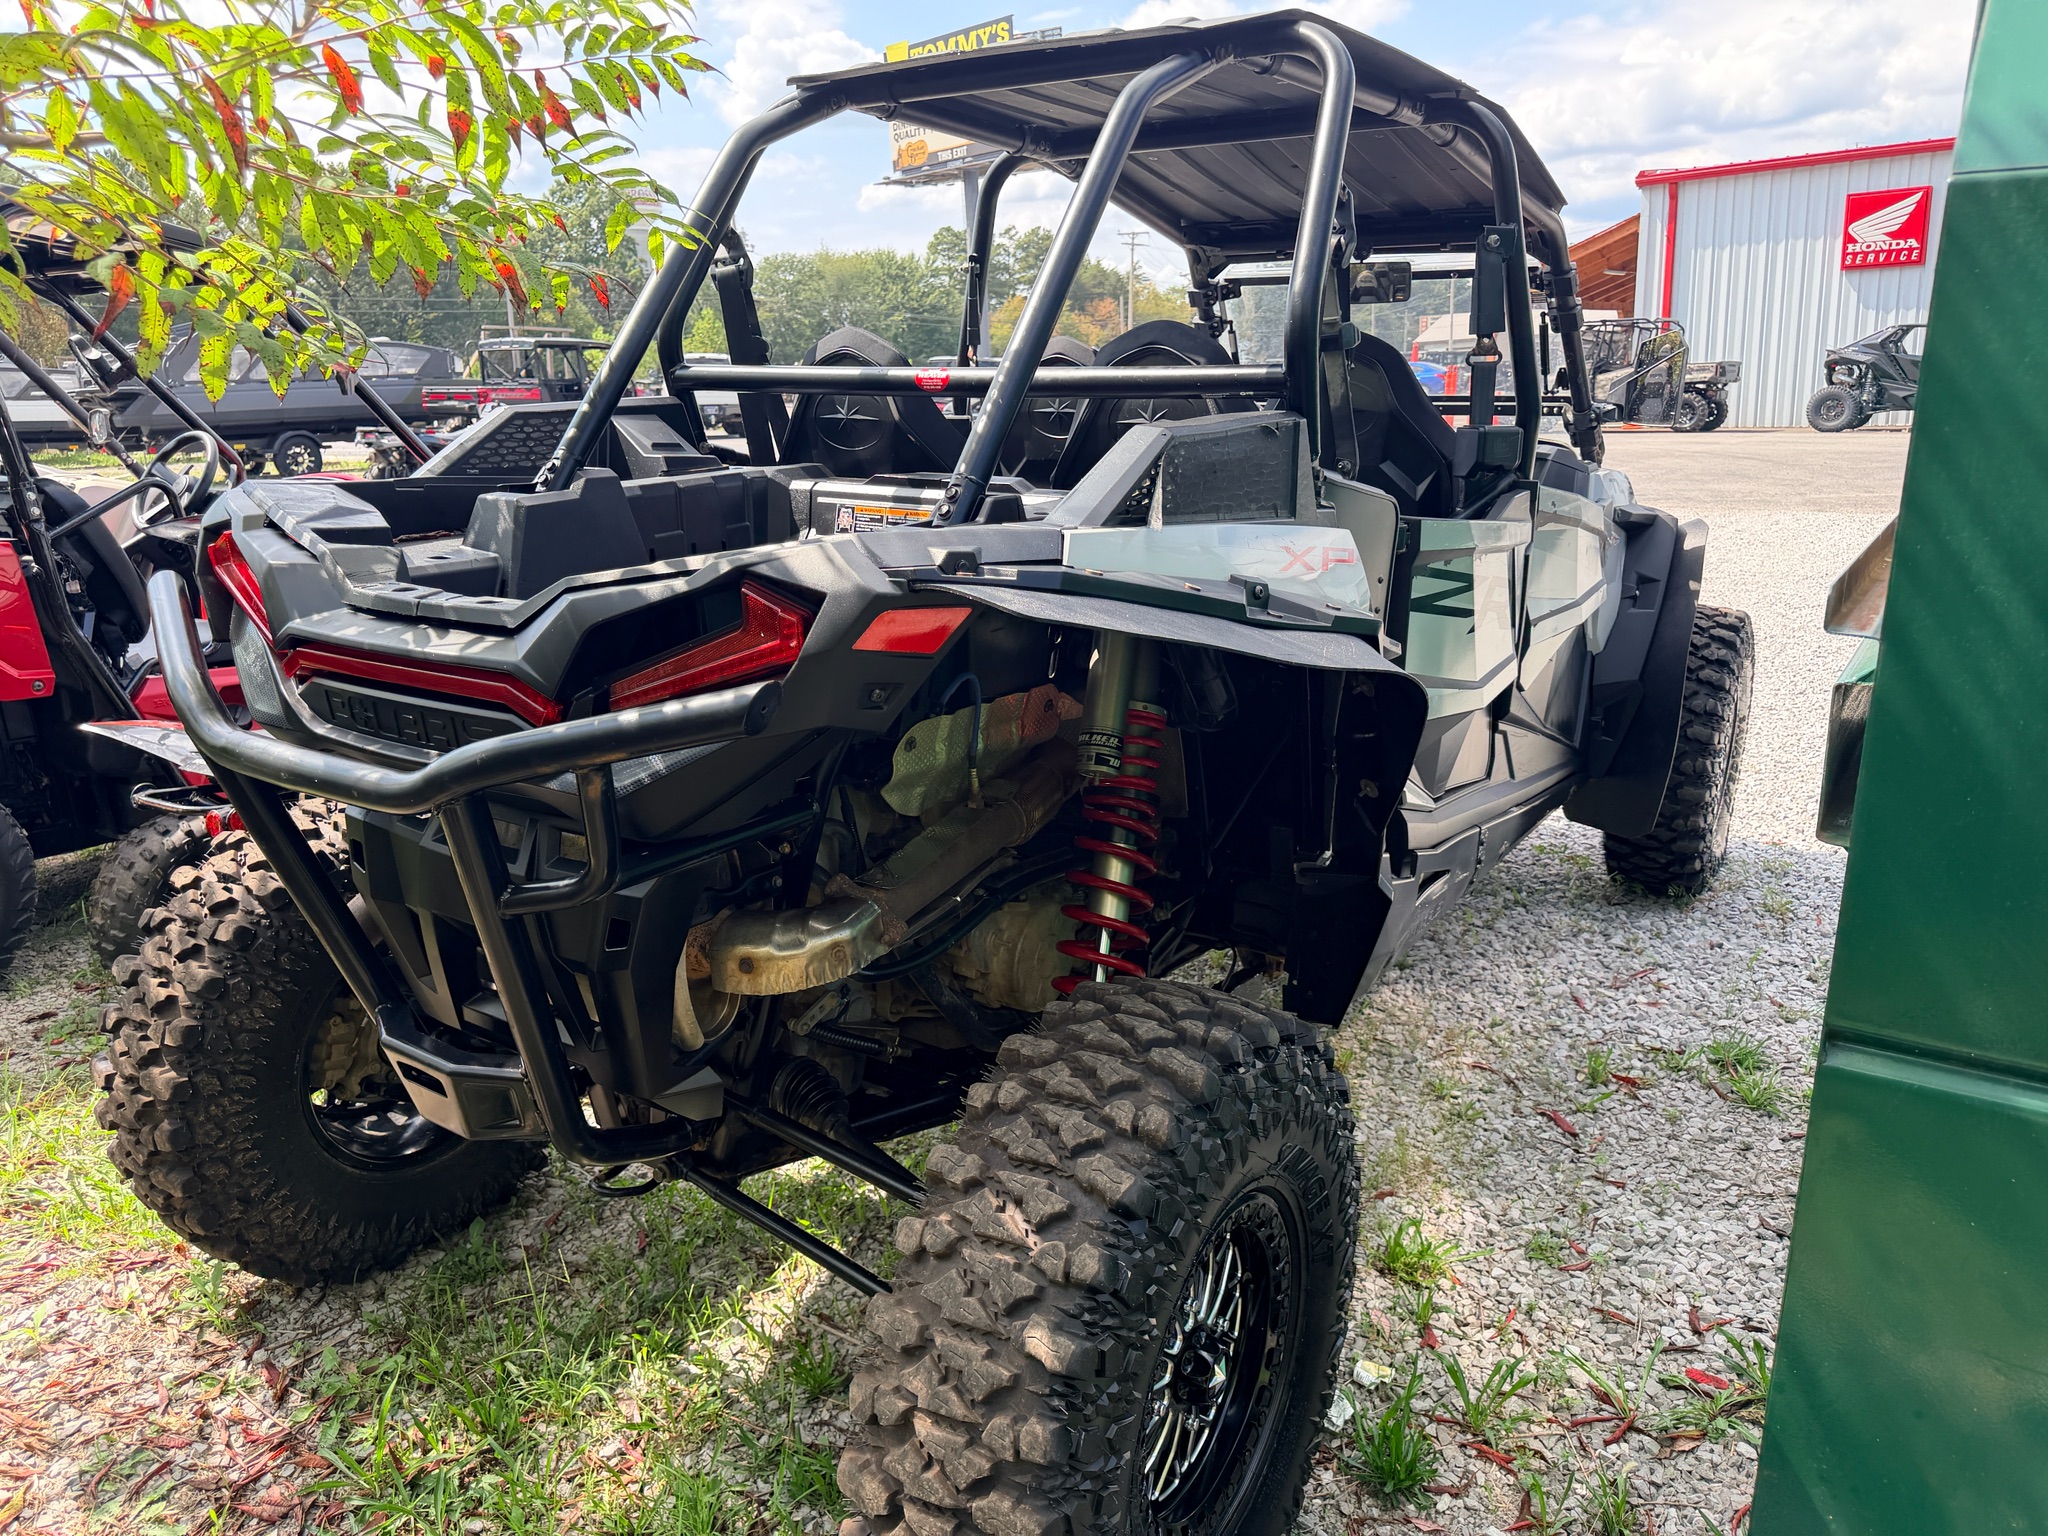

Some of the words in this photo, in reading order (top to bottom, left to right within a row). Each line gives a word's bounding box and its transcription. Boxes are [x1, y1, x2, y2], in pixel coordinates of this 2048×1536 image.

[953, 146, 968, 159] EXIT
[1846, 239, 1921, 253] HONDA
[1845, 250, 1920, 265] SERVICE
[1279, 546, 1356, 572] XP
[1272, 1143, 1331, 1222] SAVAGE
[1311, 1219, 1334, 1268] XT
============================================================
▶ Aim of the task: Your copy of the data above should match it exactly, apart from the images.

▶ Your response:
Some of the words in this photo, in reading order (top to bottom, left to right within a row). Each line gives a word's bounding box and its transcription. Boxes are [x1, y1, x2, y2], in pixel coordinates of this 2048×1536 image.

[953, 146, 968, 159] EXIT
[1846, 239, 1921, 253] HONDA
[1845, 250, 1920, 265] SERVICE
[1279, 546, 1356, 572] XP
[1272, 1143, 1331, 1222] SAVAGE
[1311, 1219, 1334, 1268] XT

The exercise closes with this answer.